REQUIRED WORK – From the first line to the last, transcribe the data exactly and skip the pictures.

####

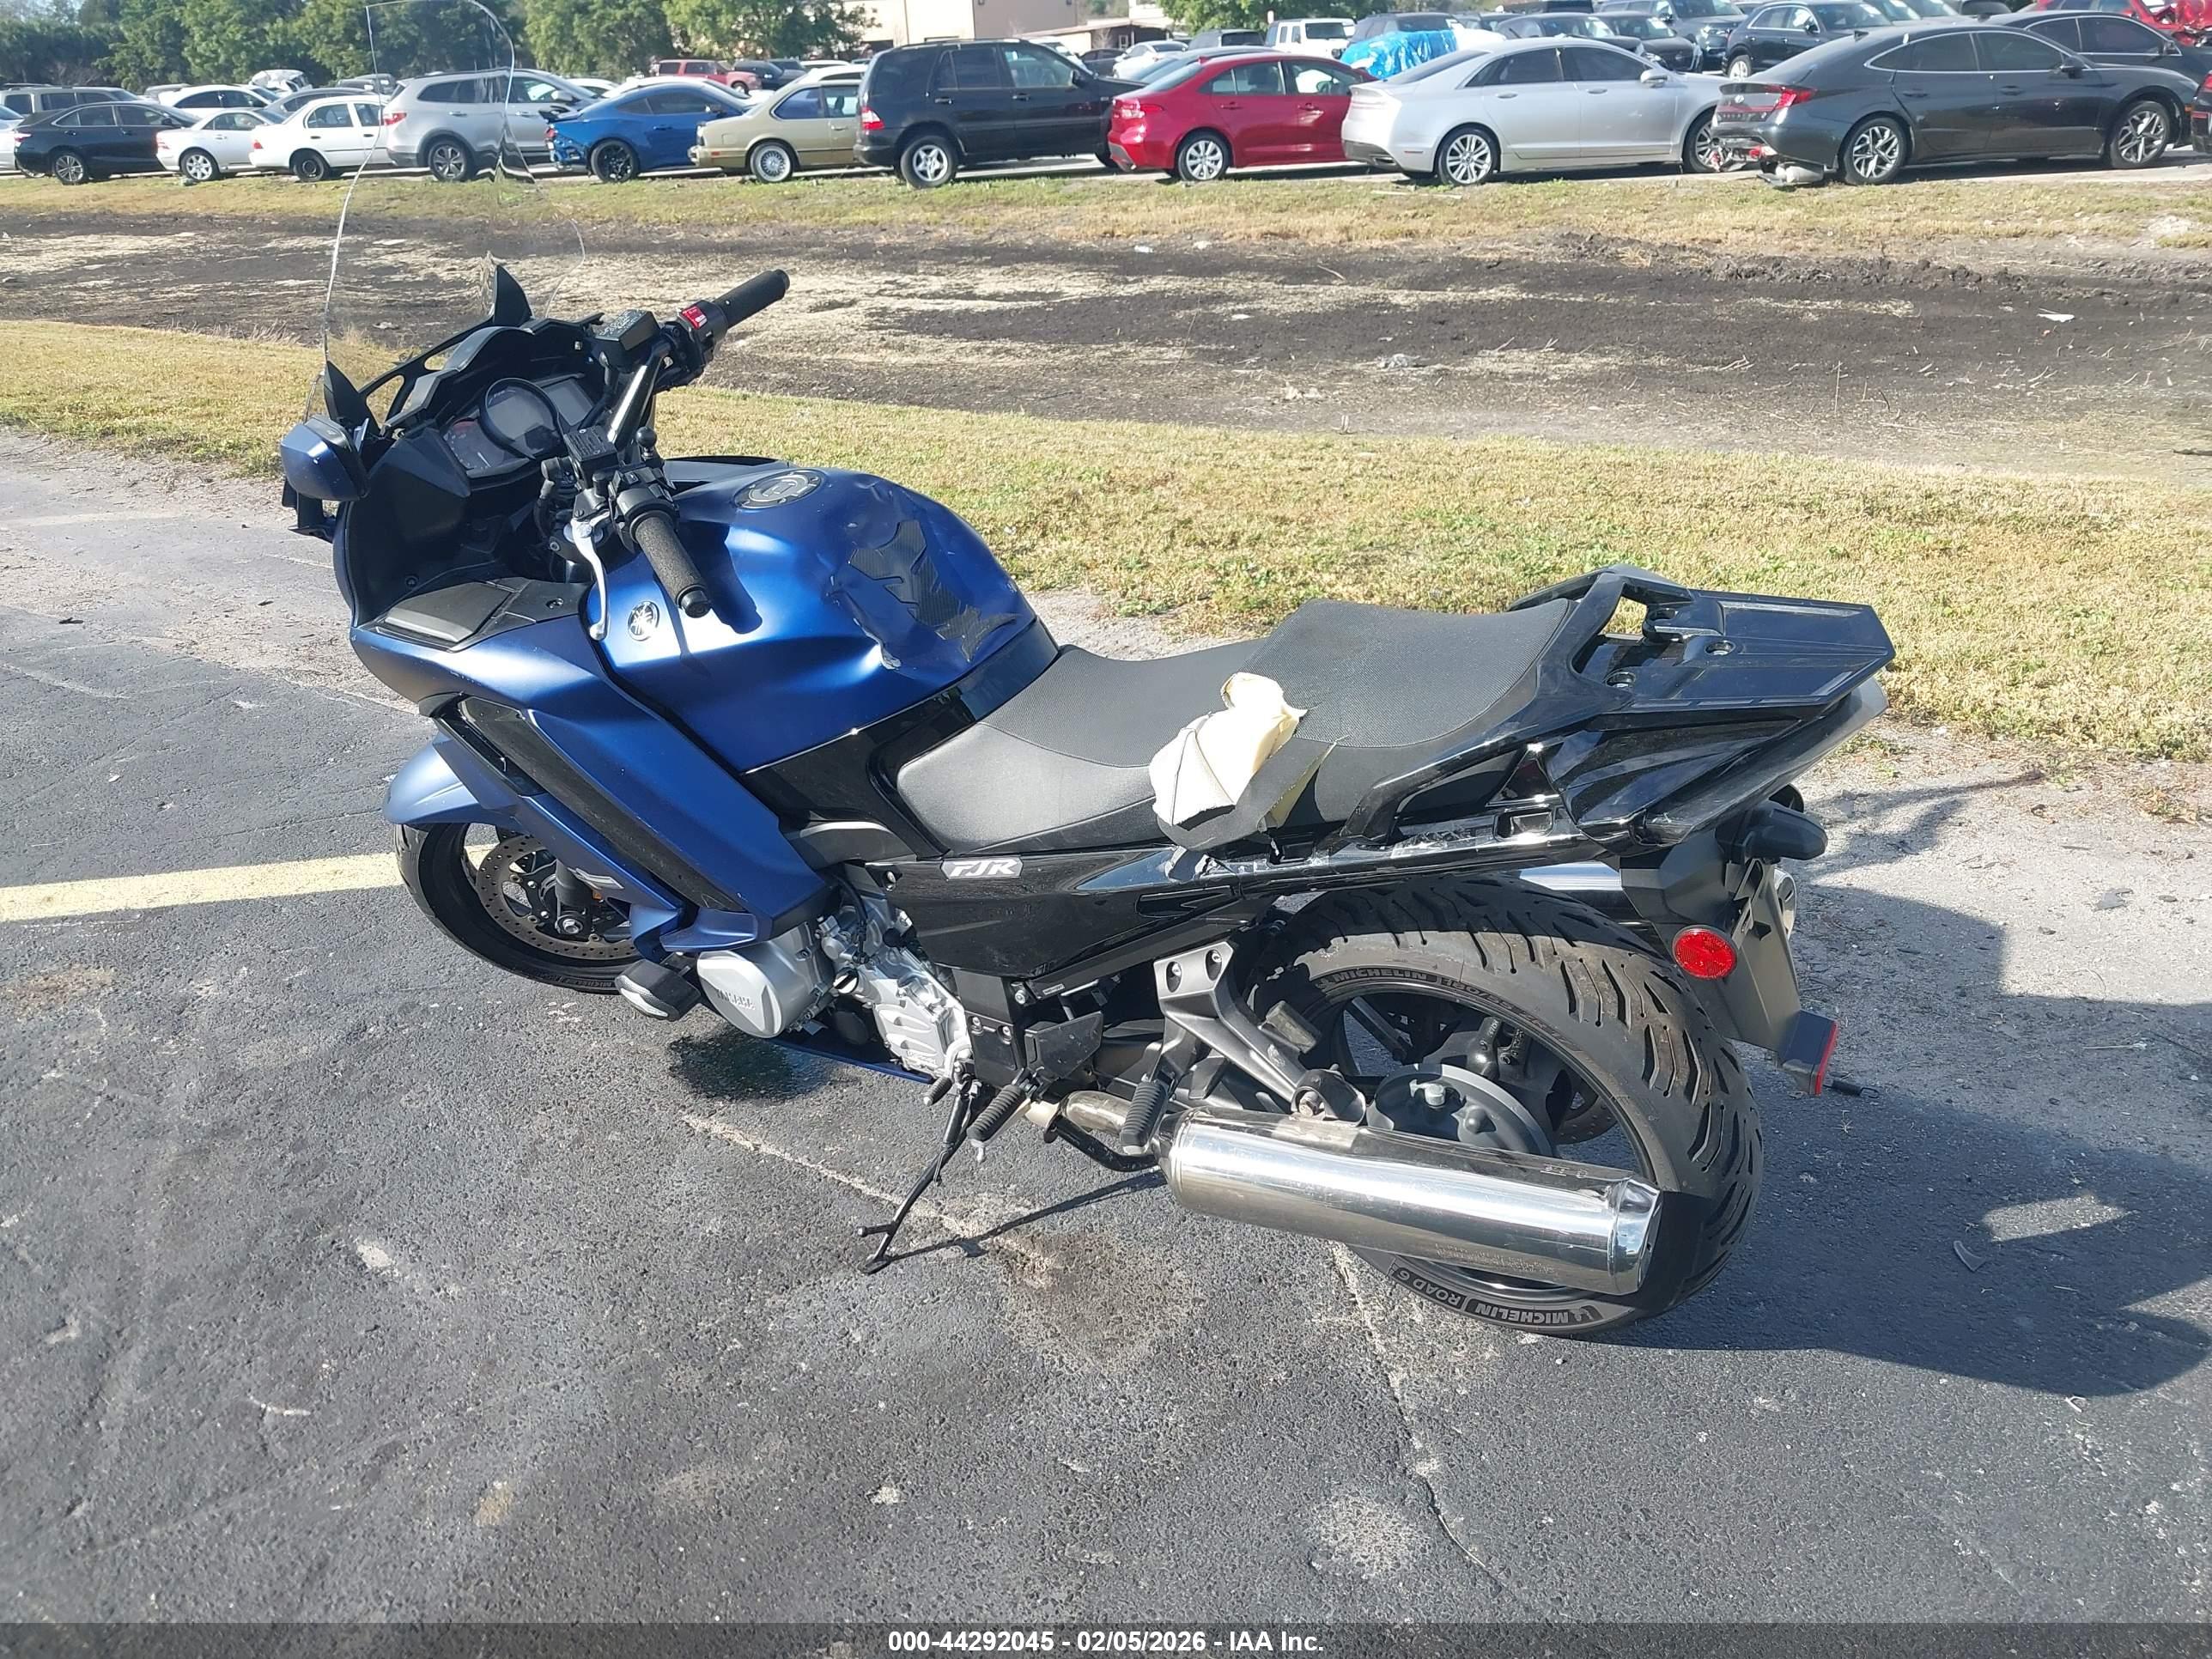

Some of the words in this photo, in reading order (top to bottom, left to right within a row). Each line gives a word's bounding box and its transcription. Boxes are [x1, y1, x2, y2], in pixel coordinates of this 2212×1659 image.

[950, 860, 1018, 877] FJR
[1333, 969, 1428, 982] MICHELIN
[1396, 1269, 1411, 1281] 6
[1412, 1278, 1462, 1305] ROAD
[1474, 1302, 1570, 1324] MICHELIN

####

WRITTEN SOLUTION –
Some of the words in this photo, in reading order (top to bottom, left to right within a row). Each line gives a word's bounding box and its transcription. Boxes are [x1, y1, x2, y2], in pixel coordinates of this 2212×1659 image.

[950, 860, 1018, 877] FJR
[1333, 969, 1428, 982] MICHELIN
[1396, 1269, 1411, 1281] 6
[1412, 1278, 1462, 1305] ROAD
[1474, 1302, 1570, 1324] MICHELIN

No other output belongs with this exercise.